Task to carry out: Quote all entries exactly, leaving pictures aside.

Data excerpts
::::

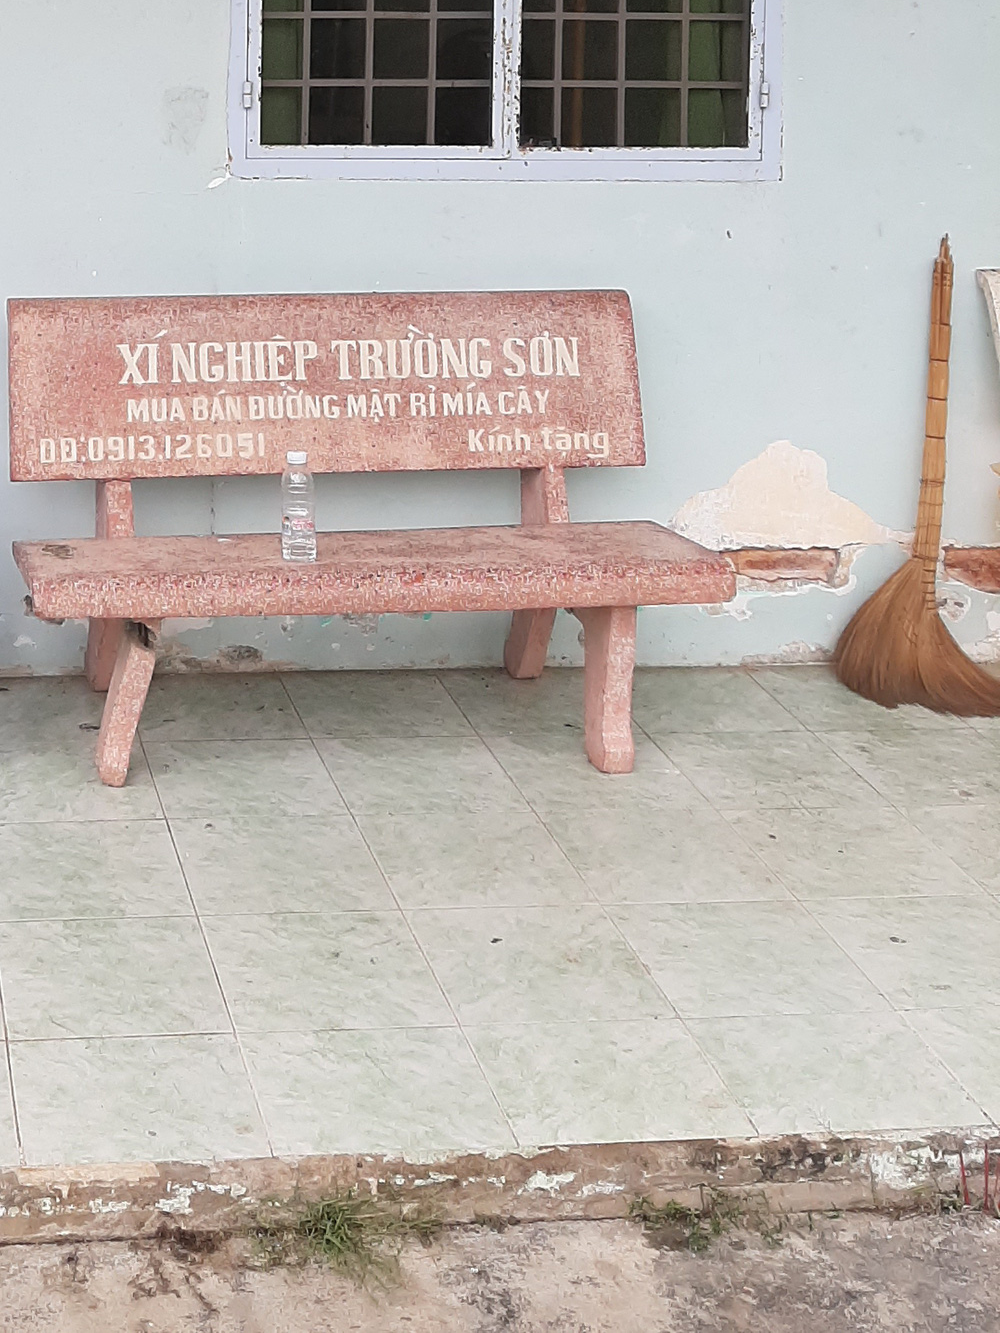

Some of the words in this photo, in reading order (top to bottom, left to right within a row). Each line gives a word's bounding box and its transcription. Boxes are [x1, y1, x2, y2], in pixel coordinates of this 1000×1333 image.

[115, 329, 168, 385] XÍ
[331, 323, 493, 380] TRƯỜNG
[503, 330, 581, 378] SƠN
[126, 397, 186, 423] MUA
[193, 389, 242, 423] BÁN
[249, 385, 340, 420] ĐƯỜNG
[347, 388, 401, 423] MẬT
[410, 384, 436, 417] RỈ
[443, 382, 493, 416] MÍA
[468, 426, 531, 452] Kính
[541, 426, 610, 459] tặng

::::

Result:
Some of the words in this photo, in reading order (top to bottom, left to right within a row). Each line gives a word's bounding box and its transcription. Boxes are [x1, y1, x2, y2], in pixel coordinates of this 1000×1333 image.

[115, 329, 168, 385] XÍ
[331, 323, 493, 380] TRƯỜNG
[503, 330, 581, 378] SƠN
[126, 397, 186, 423] MUA
[193, 389, 242, 423] BÁN
[249, 385, 340, 420] ĐƯỜNG
[347, 388, 401, 423] MẬT
[410, 384, 436, 417] RỈ
[443, 382, 493, 416] MÍA
[468, 426, 531, 452] Kính
[541, 426, 610, 459] tặng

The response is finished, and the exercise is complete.